> _Source records_:
────────

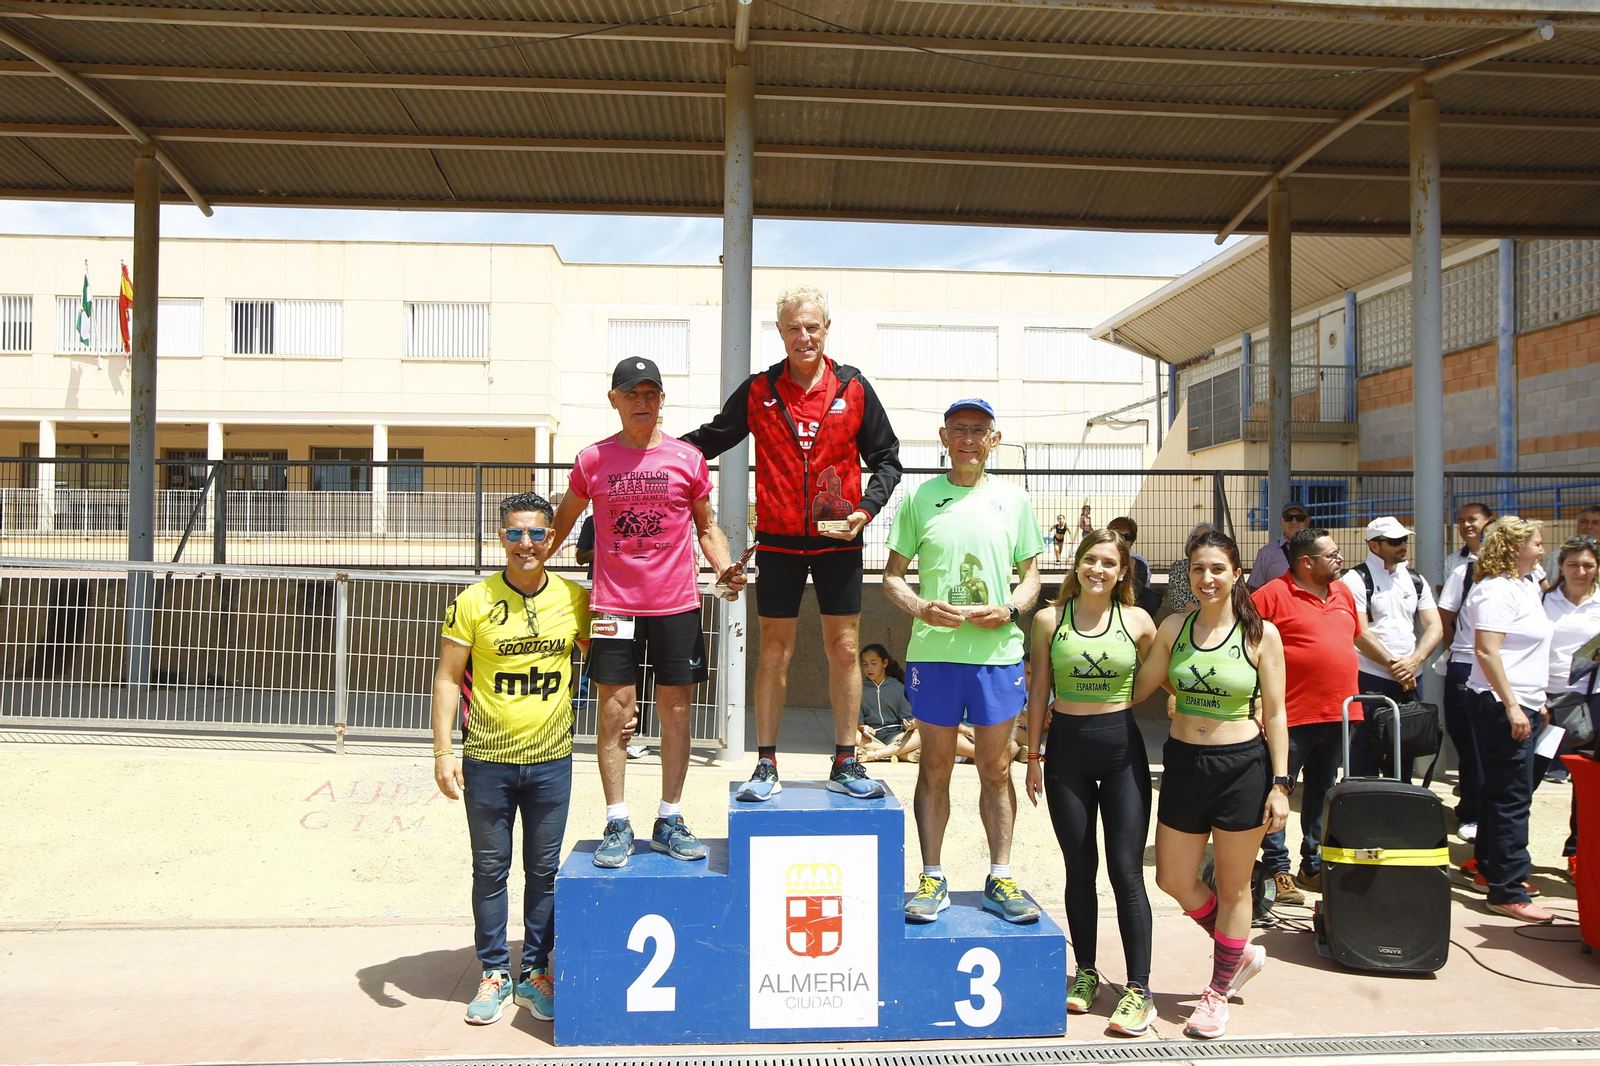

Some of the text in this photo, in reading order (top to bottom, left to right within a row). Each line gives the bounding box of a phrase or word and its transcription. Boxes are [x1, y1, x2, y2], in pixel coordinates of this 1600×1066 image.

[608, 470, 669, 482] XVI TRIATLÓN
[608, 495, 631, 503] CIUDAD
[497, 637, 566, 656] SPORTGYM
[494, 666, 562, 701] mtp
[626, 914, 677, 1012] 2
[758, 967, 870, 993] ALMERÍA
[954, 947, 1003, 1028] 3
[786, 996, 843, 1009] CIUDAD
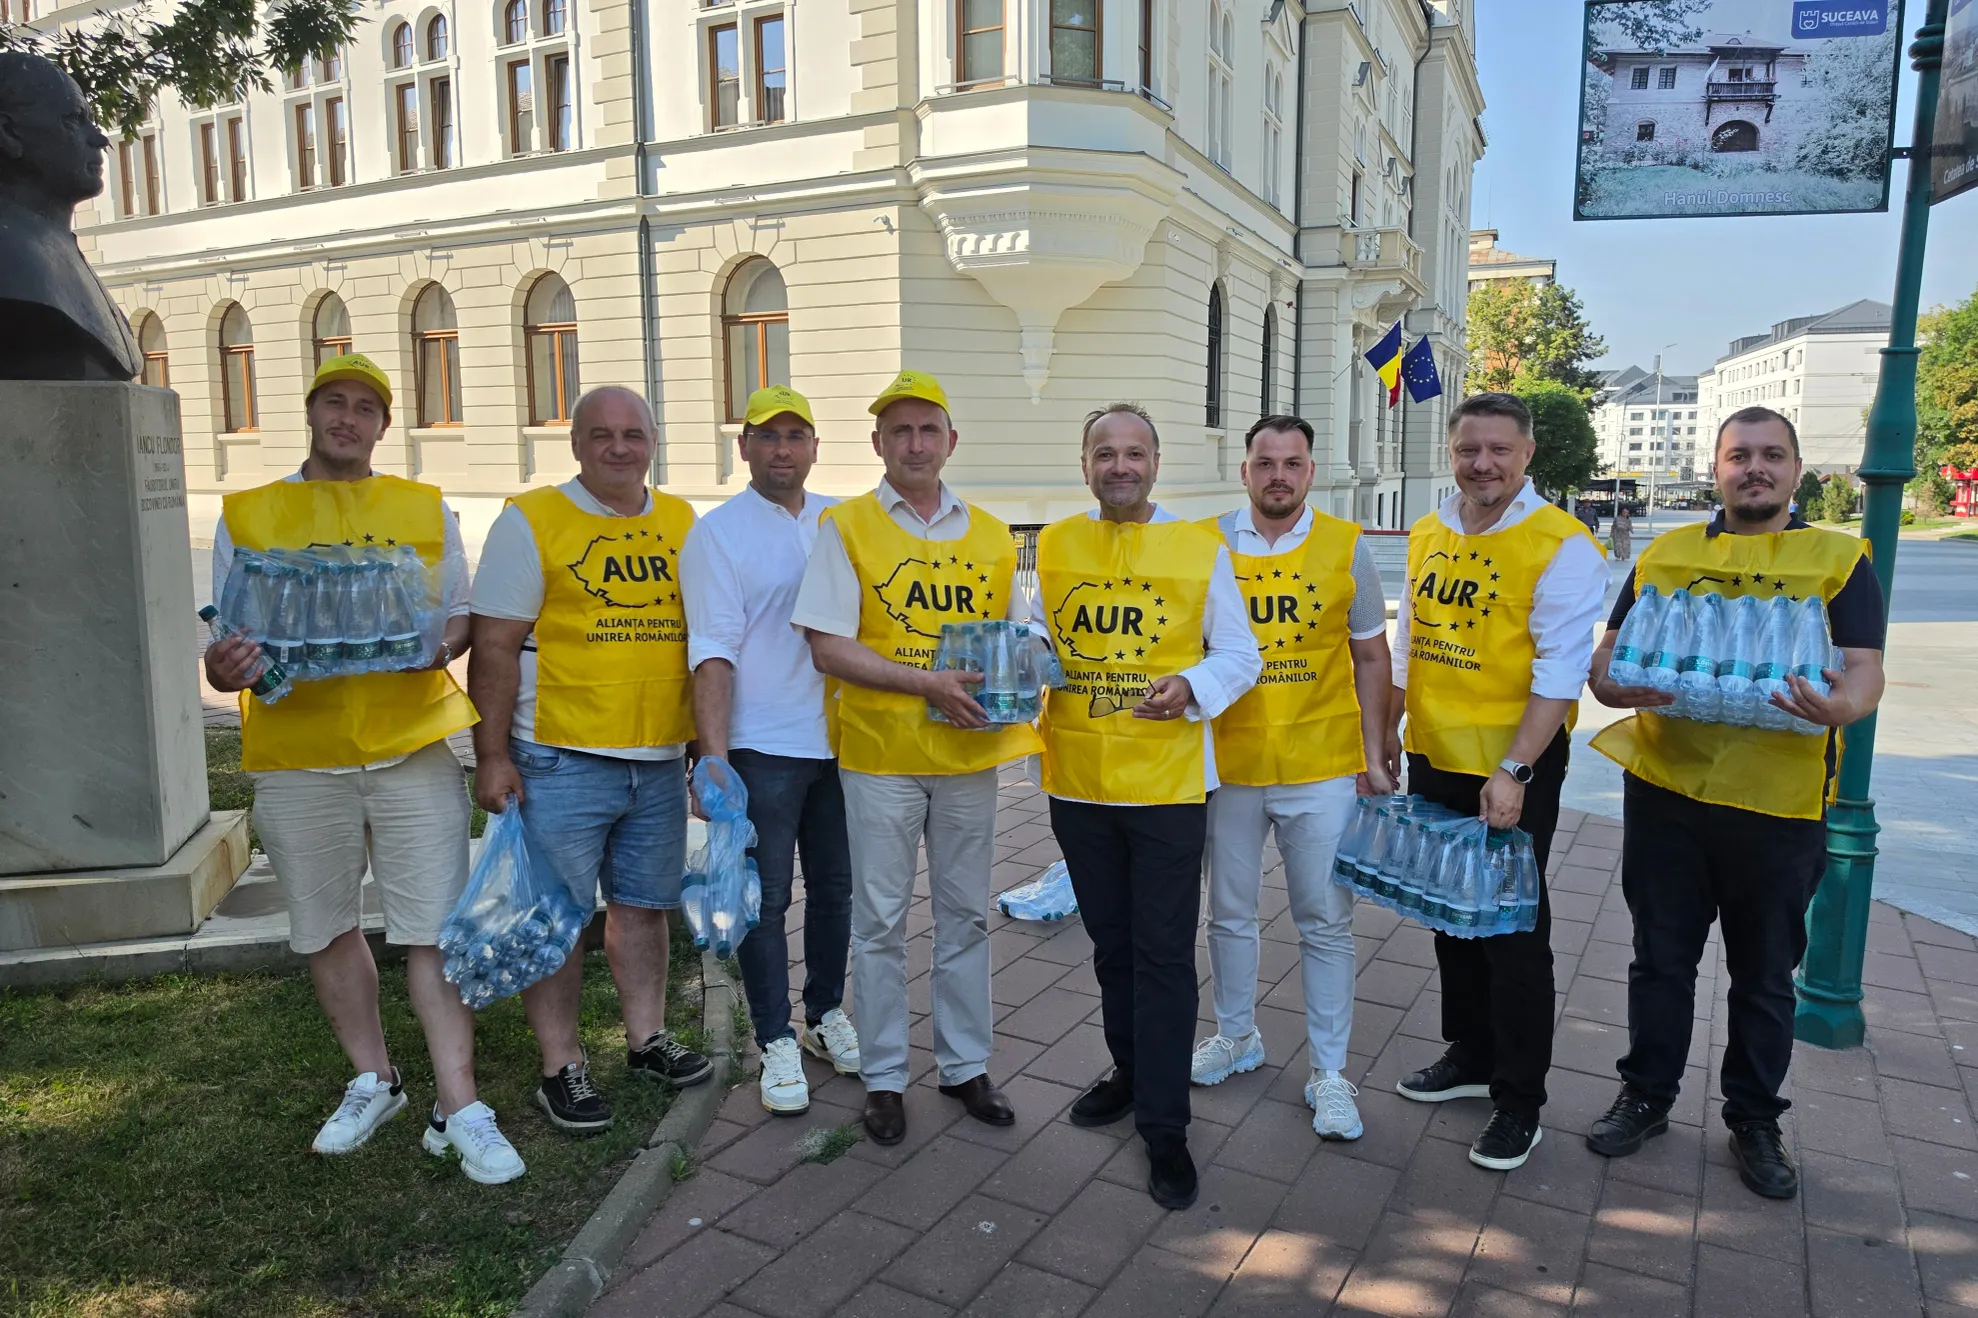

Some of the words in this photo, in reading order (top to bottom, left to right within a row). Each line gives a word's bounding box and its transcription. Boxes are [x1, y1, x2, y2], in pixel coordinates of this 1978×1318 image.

────────

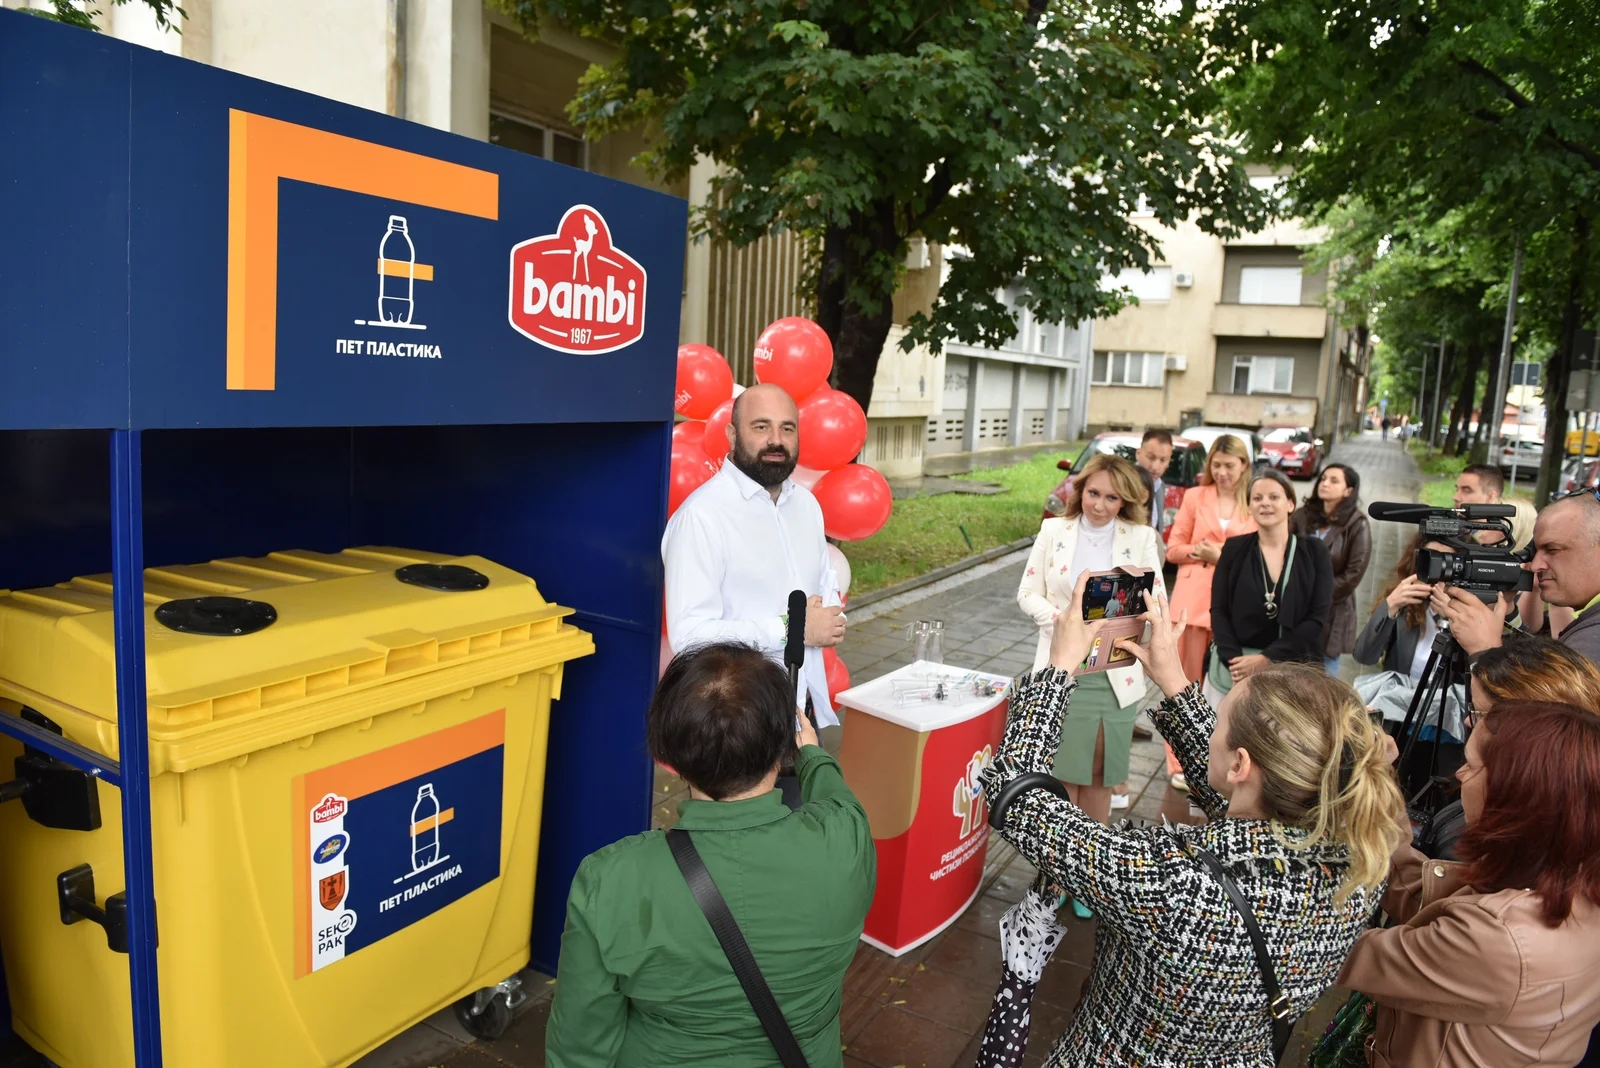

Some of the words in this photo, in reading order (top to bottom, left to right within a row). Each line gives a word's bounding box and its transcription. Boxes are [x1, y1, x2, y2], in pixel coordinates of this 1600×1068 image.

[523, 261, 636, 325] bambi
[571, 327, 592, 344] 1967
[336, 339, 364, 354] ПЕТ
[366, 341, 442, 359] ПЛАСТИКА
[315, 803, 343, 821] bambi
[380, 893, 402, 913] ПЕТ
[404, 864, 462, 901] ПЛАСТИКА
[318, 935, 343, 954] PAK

────────

> _Your task_: Quote the lines above exactly, starting with the one that has "Some of the text" and ending with the one that has "this 1978×1318 image."; drop the pictures and include nothing else.

> _Answer for the task_:
Some of the text in this photo, in reading order (top to bottom, left to right within a row). Each line gives the bounding box of a phrase or word and its transcription. Boxes are [x1, y1, x2, y2], in pixel coordinates of this 1600×1066 image.

[608, 470, 669, 482] XVI TRIATLÓN
[608, 495, 631, 503] CIUDAD
[497, 637, 566, 656] SPORTGYM
[494, 666, 562, 701] mtp
[626, 914, 677, 1012] 2
[758, 967, 870, 993] ALMERÍA
[954, 947, 1003, 1028] 3
[786, 996, 843, 1009] CIUDAD

Some of the words in this photo, in reading order (top to bottom, left to right within a row). Each line gives a word's bounding box and its transcription. Boxes are [x1, y1, x2, y2], in pixel coordinates of this 1978×1318 image.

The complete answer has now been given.